2006年11月20日

星屋心一の作品解説・植林三本目篇
 一章「あなた」とは誰か? 章末「私たち」とは誰か

『あなたへ』という作品タイトルに込められた意味は、以下の引用の箇所で観客に明らかにされていたと思う。

――あなたへ。
  私はあなたの素敵なお名前を知っているのですが、事情があって、あなたの前に現れて、名乗ることができません。とにかく、私だけが一方的にあなたのお名前を呼ぶということを誠実と思えないので「あなた」と呼ばせてください。(十三場)

 これは田中博司が真山清美に宛てた手紙の冒頭である。だから「あなた」は真山清美を指す。そして、作品タイトルは「誠実」をもって呼びかけられるべき私たち全てを指す意味のふくらみを持っている。

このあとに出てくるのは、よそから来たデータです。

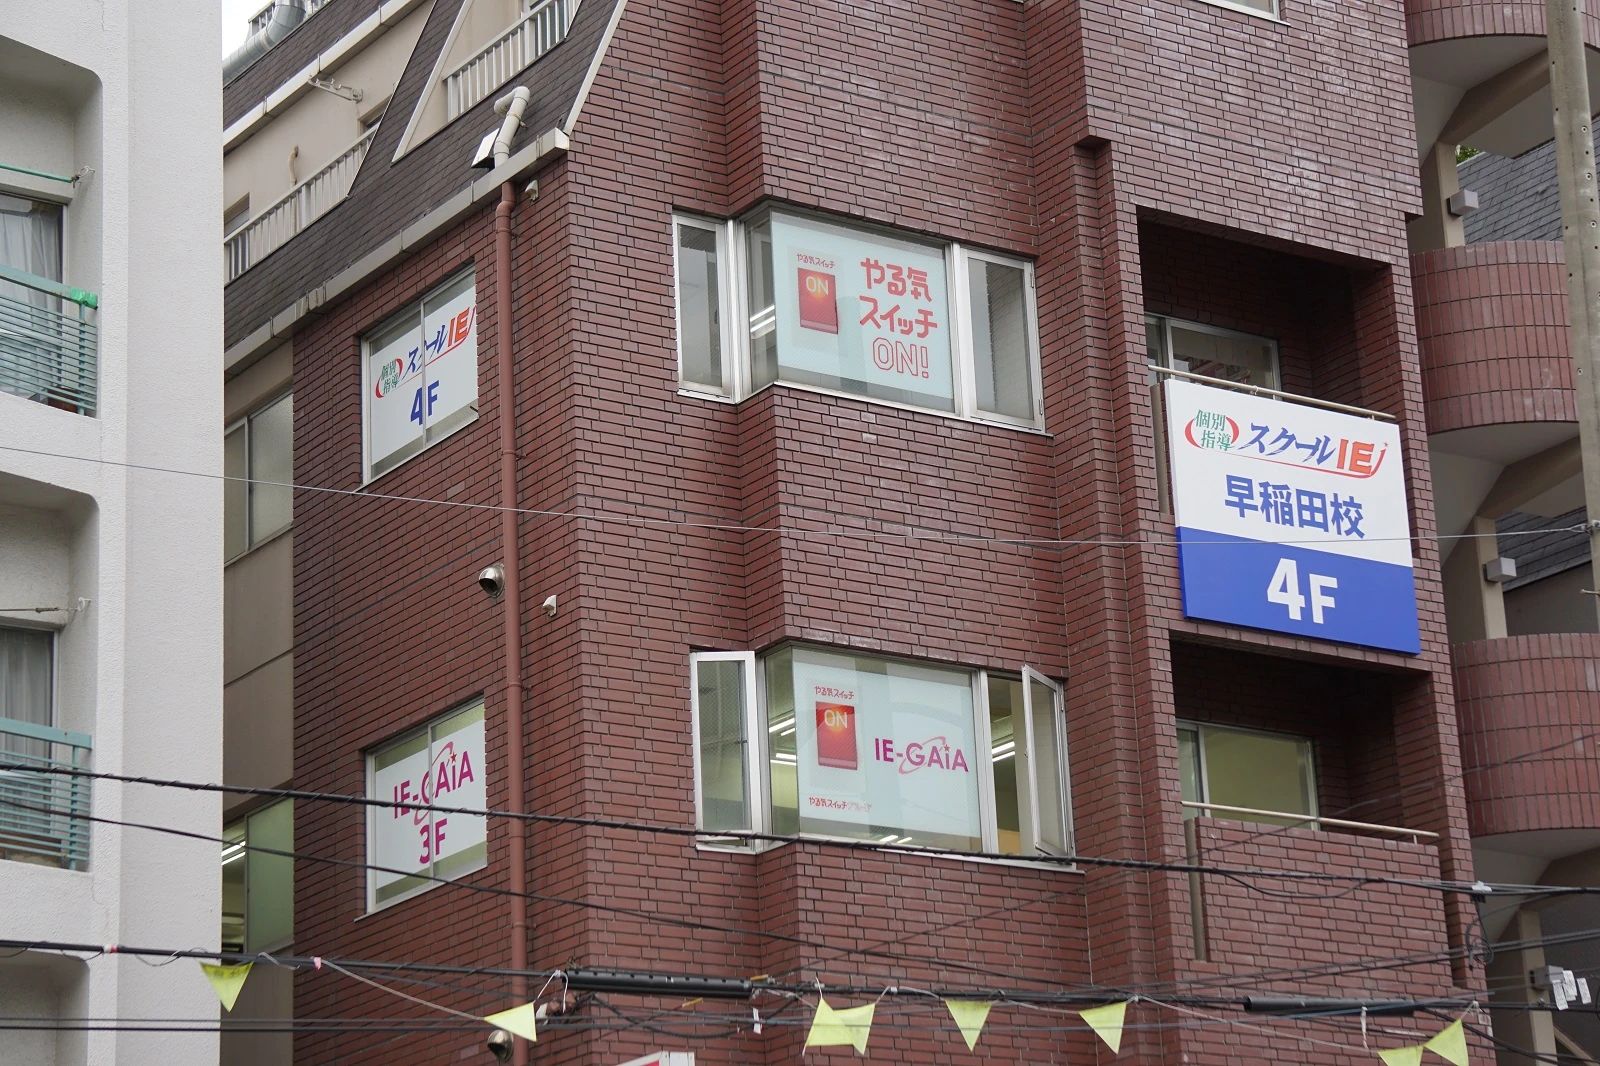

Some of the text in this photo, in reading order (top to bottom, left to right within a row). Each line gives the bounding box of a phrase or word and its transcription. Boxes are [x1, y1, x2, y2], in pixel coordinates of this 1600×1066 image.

[796, 253, 835, 269] やる気スイッチ
[860, 257, 932, 302] やる気
[805, 276, 829, 296] ON
[859, 295, 938, 338] スイッチ
[872, 337, 929, 379] ON!
[410, 380, 439, 426] 4F
[1195, 409, 1227, 432] 個別
[1201, 429, 1232, 452] 指導
[1224, 474, 1365, 539] 早稲田校
[1266, 557, 1338, 625] 4F
[814, 685, 855, 700] やる気スイッチ
[824, 709, 848, 729] ON
[419, 818, 448, 864] 3F
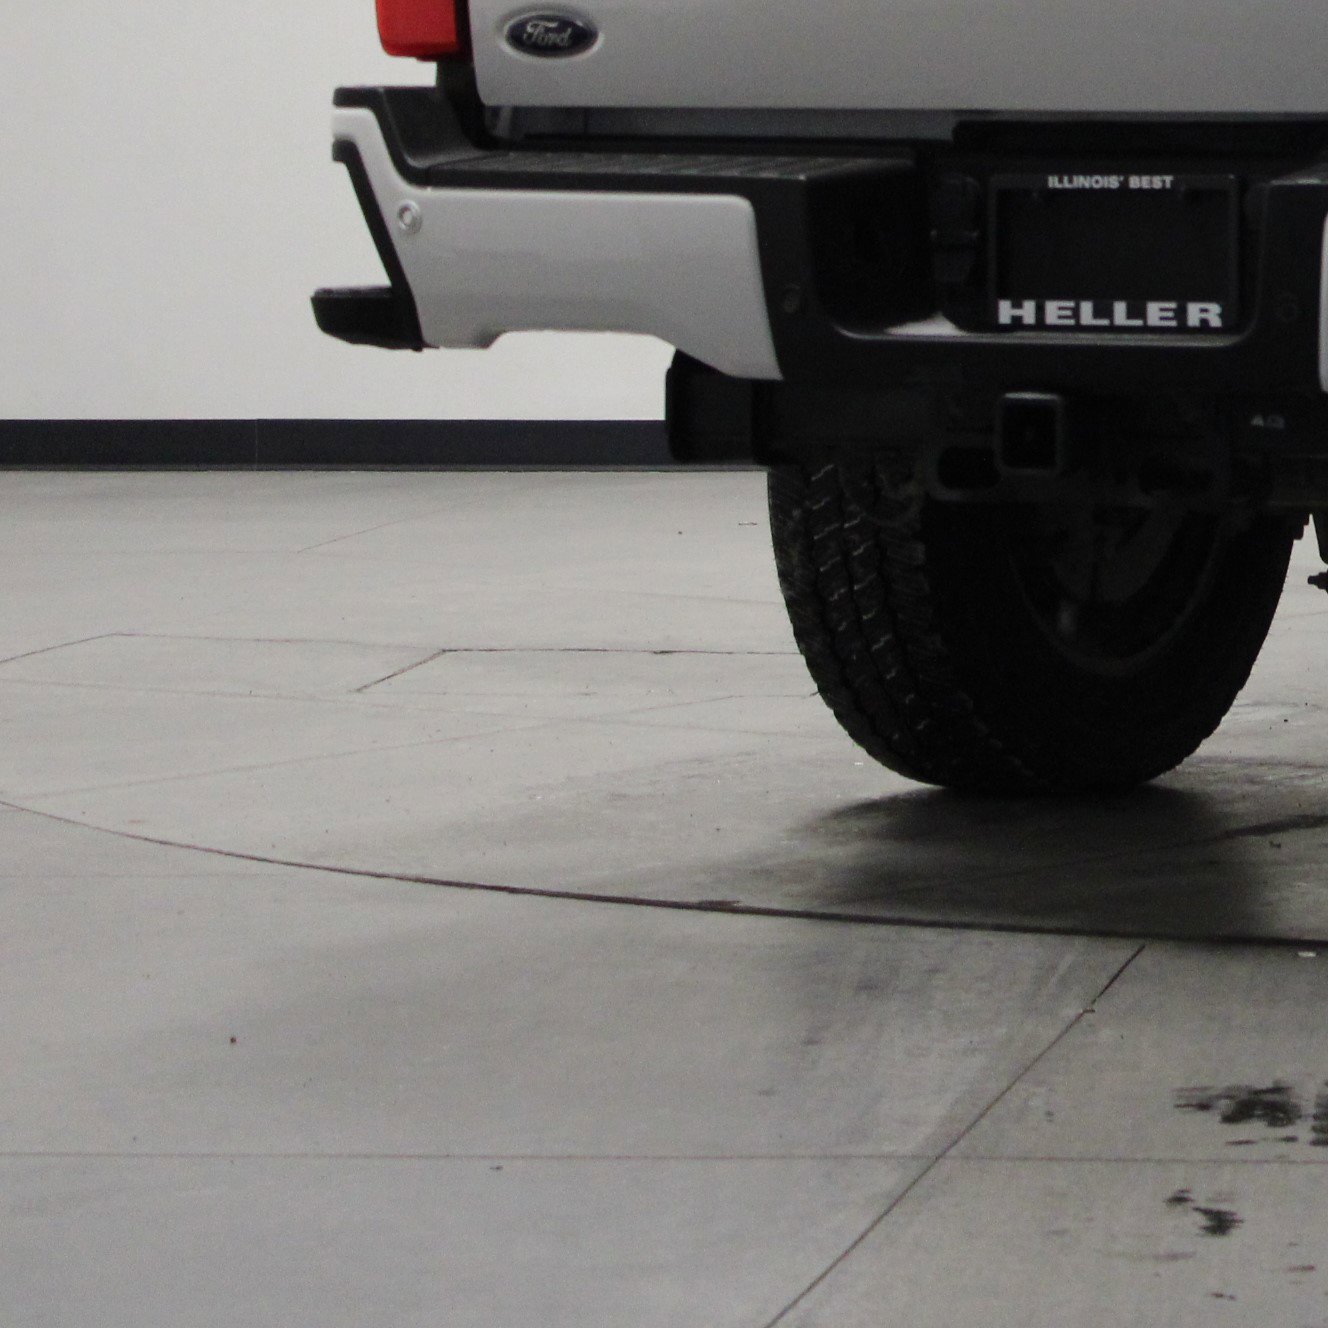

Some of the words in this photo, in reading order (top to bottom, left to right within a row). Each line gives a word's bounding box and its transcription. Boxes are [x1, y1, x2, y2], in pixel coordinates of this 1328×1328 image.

 では、「誠実」をもって呼びかけられるべき私たちとは誰なのか。この問いに答えることは難しい。他の誰かにとって、私たちがどのような存在かを私たちが答えるのはいつも難しい。このことを『あなたへ』という作品が、考えるヒントを与えている。

 この文章で書いてきた人物像をトレースする形で「私たち」とは誰かを見ていこう。私たちは田中博司のように日常に侵食されることもある。真山清美のように、平凡さに苦しみ、わずかな暴力によって傷つくこともある。逆に、木下優二のように、わずかな暴力によって他者を傷つけてしまうこともある。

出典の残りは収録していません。